=== SUPPLIED ENTRIES ===

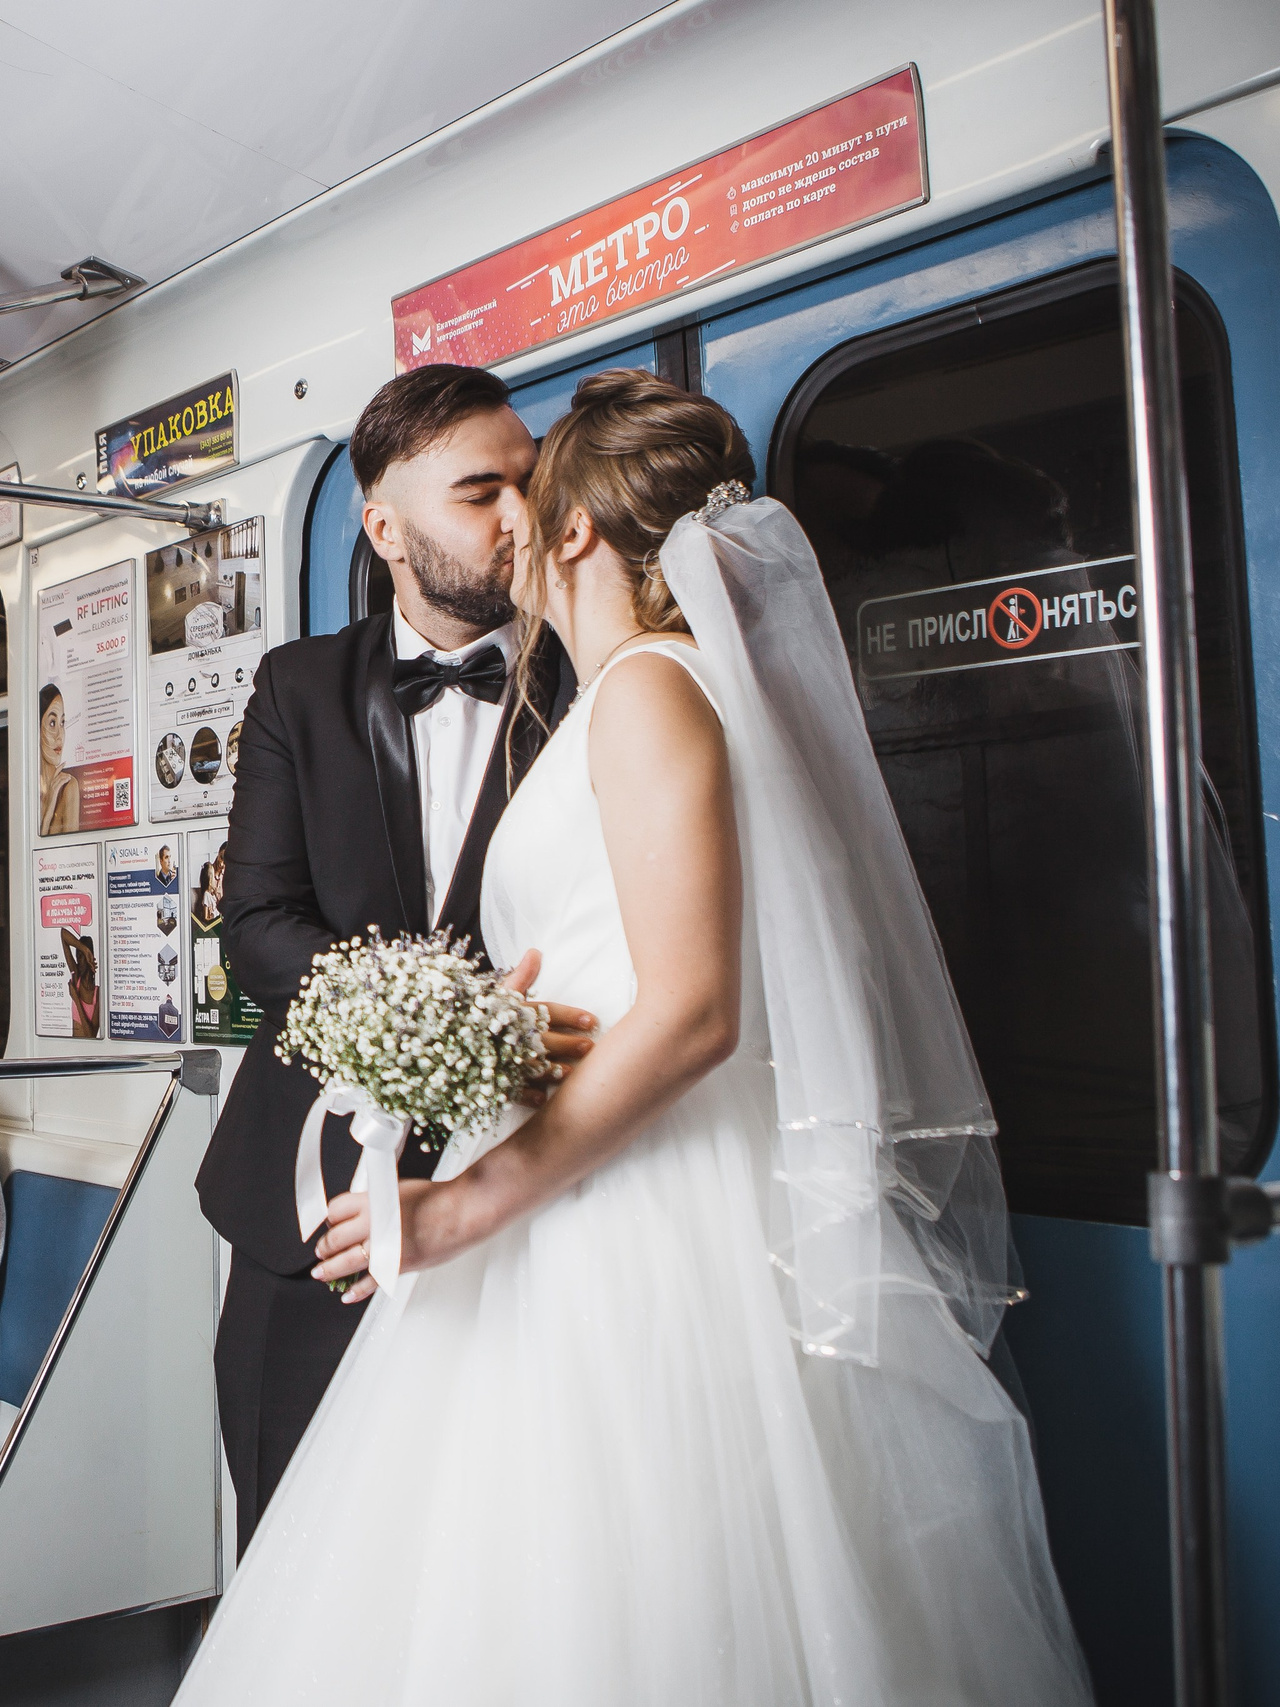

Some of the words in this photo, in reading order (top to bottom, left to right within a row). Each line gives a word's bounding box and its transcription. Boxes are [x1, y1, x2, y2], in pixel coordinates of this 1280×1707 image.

[740, 158, 804, 193] максимум
[805, 152, 820, 167] 20
[821, 136, 863, 160] минут
[864, 130, 874, 142] в
[875, 115, 908, 137] пути
[742, 190, 776, 212] долго
[778, 184, 792, 197] не
[794, 166, 837, 190] ждешь
[838, 147, 880, 171] состав
[743, 204, 784, 228] оплата
[786, 197, 801, 210] по
[802, 182, 837, 206] карте
[548, 195, 691, 307] МЕТРО
[556, 297, 599, 334] это
[605, 245, 691, 304] быстро
[436, 297, 498, 332] Екатеринбургский
[436, 318, 484, 345] метрополитен
[130, 386, 234, 462] УПАКОВКА
[144, 466, 167, 486] любой
[78, 604, 88, 620] RF
[92, 592, 128, 616] LIFTING
[866, 622, 897, 655] НЕ
[907, 584, 1138, 649] ПРИСЛОНЯТЬС
[96, 638, 119, 654] 35.000
[120, 848, 139, 858] SIGNAL

===

The records above must be returned exactly, with each picture omitted.

Some of the words in this photo, in reading order (top to bottom, left to right within a row). Each line gives a word's bounding box and its transcription. Boxes are [x1, y1, x2, y2], in pixel coordinates of this 1280×1707 image.

[740, 158, 804, 193] максимум
[805, 152, 820, 167] 20
[821, 136, 863, 160] минут
[864, 130, 874, 142] в
[875, 115, 908, 137] пути
[742, 190, 776, 212] долго
[778, 184, 792, 197] не
[794, 166, 837, 190] ждешь
[838, 147, 880, 171] состав
[743, 204, 784, 228] оплата
[786, 197, 801, 210] по
[802, 182, 837, 206] карте
[548, 195, 691, 307] МЕТРО
[556, 297, 599, 334] это
[605, 245, 691, 304] быстро
[436, 297, 498, 332] Екатеринбургский
[436, 318, 484, 345] метрополитен
[130, 386, 234, 462] УПАКОВКА
[144, 466, 167, 486] любой
[78, 604, 88, 620] RF
[92, 592, 128, 616] LIFTING
[866, 622, 897, 655] НЕ
[907, 584, 1138, 649] ПРИСЛОНЯТЬС
[96, 638, 119, 654] 35.000
[120, 848, 139, 858] SIGNAL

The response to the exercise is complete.